ずっと“2人”の生活だったらしい

misaka

2人の生活は今なお続く――

 私は、子供のころからアイドルに憧れていました。


 ステージの上で歌って、踊って、笑って。男女問わず人々を魅了するアイドルと言う存在は、私にとって、とても輝いて見えました。


 だから、東京の高校に入学したのを機に、私はアイドルの道を志すことに決めたのです。


 両親のもとを離れて一人暮らし。駅チカで、コンビニしかなかった場所につい最近スーパーが出来て。立地も申し分ないのに、とある理由で格安のワンルームの物件に住む。小さな事務所のオーディションを受けて、無事に合格。同年代のことグループを組んで、ステージに上がる機会にも恵まれました。


 もちろんメンバーの脱退だったり、不祥事だったり。色んなことはありましたが、それすらも前に進む力に変えて。


 一歩ずつ、一歩ずつ。私は夢への道を歩んでいました。


 さて。
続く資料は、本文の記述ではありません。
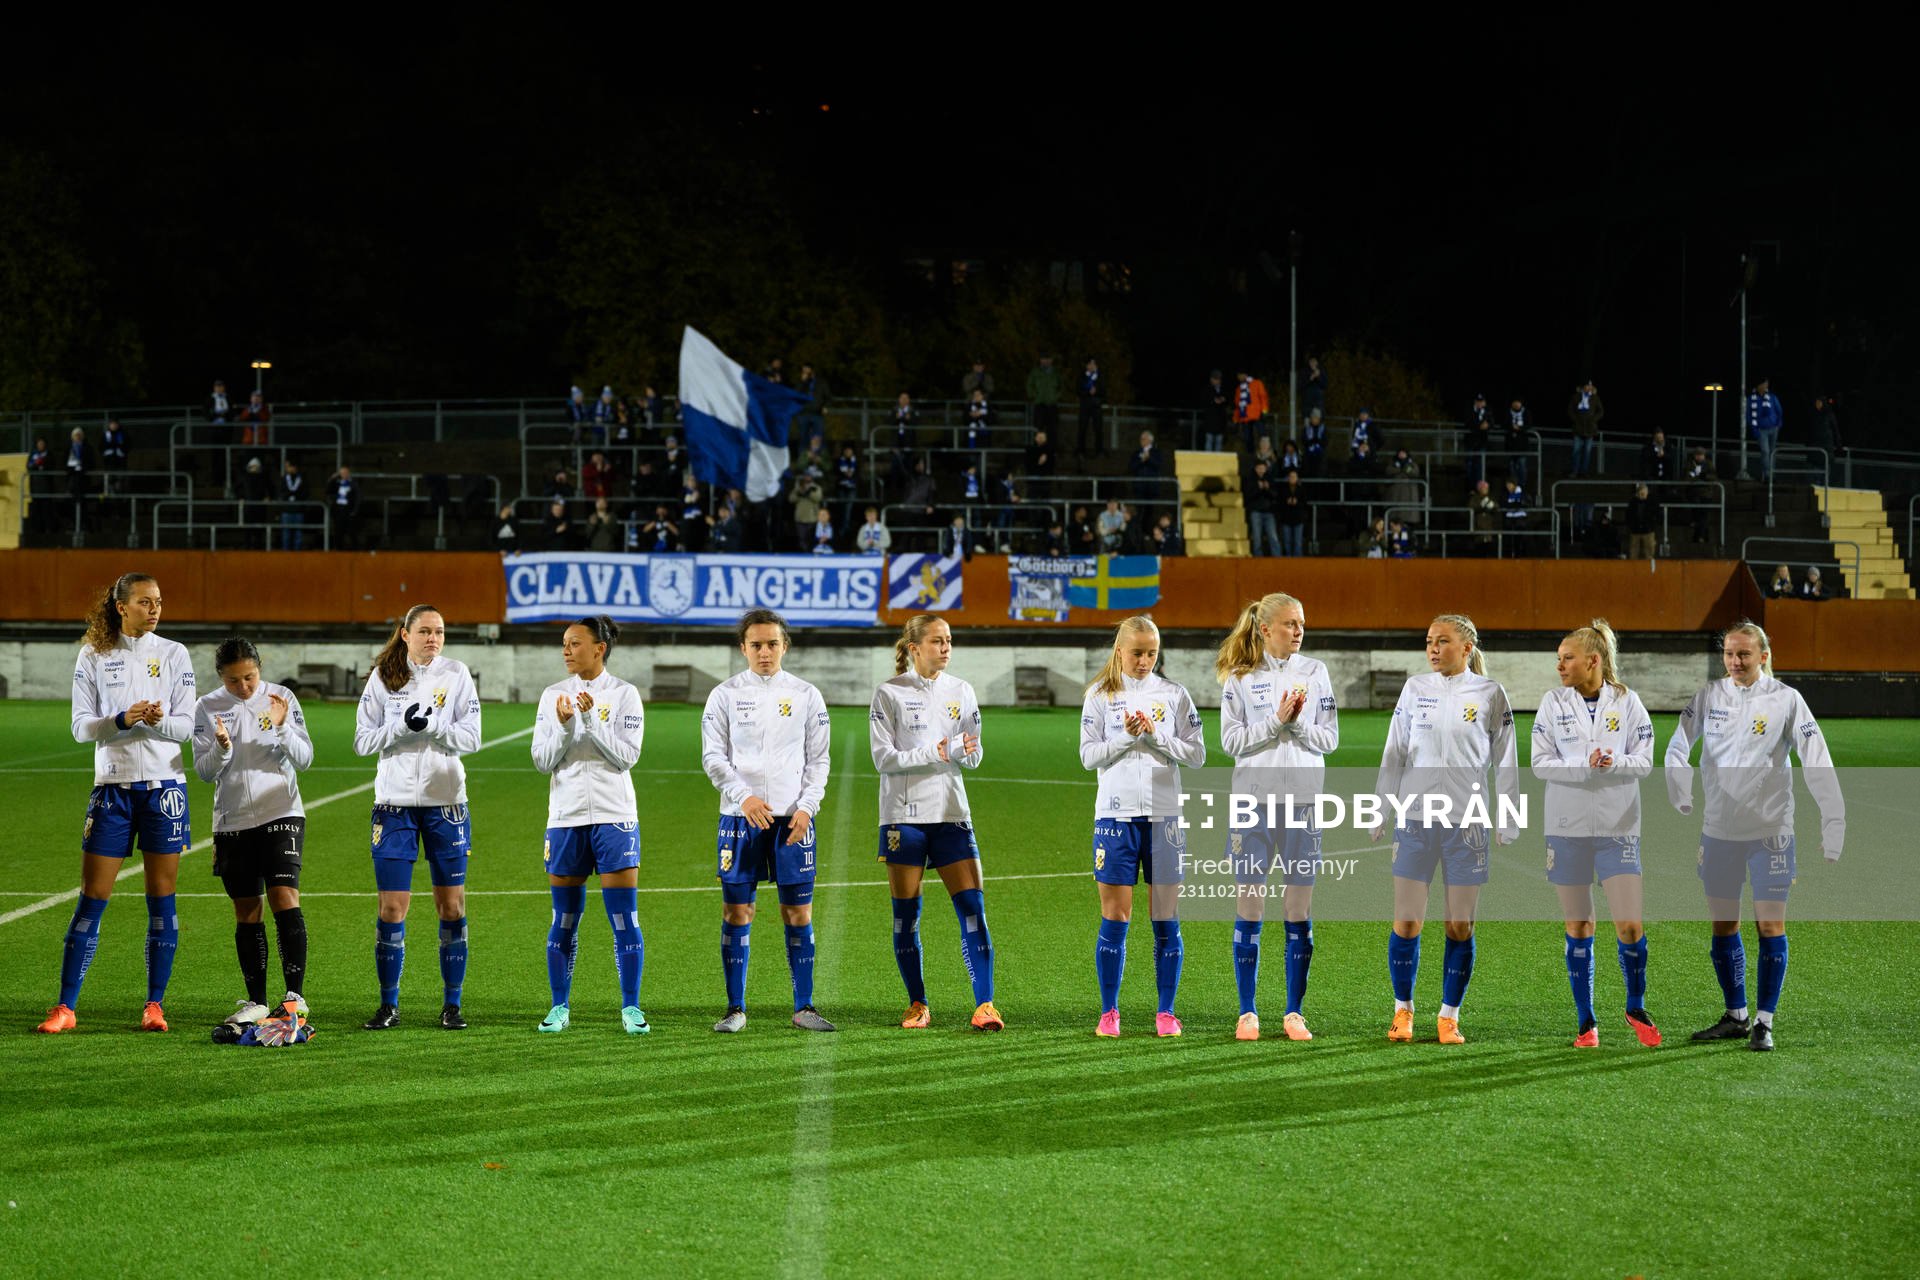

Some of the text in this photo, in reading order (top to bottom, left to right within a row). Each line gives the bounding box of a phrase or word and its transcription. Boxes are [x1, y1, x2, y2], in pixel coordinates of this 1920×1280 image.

[510, 563, 641, 606] CLAVA
[703, 566, 877, 609] ANGELIS
[161, 789, 185, 818] MG
[171, 822, 183, 836] 14
[267, 823, 300, 833] BRIXLY
[803, 851, 814, 865] 10
[1770, 855, 1787, 869] 24
無名のアイドルにとって、自分を覚えてもらうための挨拶と「個性」というものはとても大切でした。


 そんな事情を理解しているため、事務所が私を「視える子」と売り出したのにも納得できました。お化けが視える、というあれです。


 もちろん、他にもたくさん、そういう設定のアイドルの子は居ました。ただ私の場合は、本当に“視る”ことが出来ました。
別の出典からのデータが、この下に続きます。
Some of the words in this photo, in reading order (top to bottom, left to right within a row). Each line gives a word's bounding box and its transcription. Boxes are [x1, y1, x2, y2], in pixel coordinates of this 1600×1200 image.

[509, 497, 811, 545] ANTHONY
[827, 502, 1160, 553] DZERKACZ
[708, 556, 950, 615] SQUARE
 物心ついた時から、黒い影のようなものがはっきりと見えるのです。小さな頃はその黒い影も私にとっては当たり前で、良く話しかけたりしていました。その姿を同級生に見られて、からかわれたこともありました。


 実はそのからかいで心を病んでいた時、アイドルと言う存在に救われたりしたのですが、ともかく。私にとってお化けや幽霊が視えることは当たり前だったのです。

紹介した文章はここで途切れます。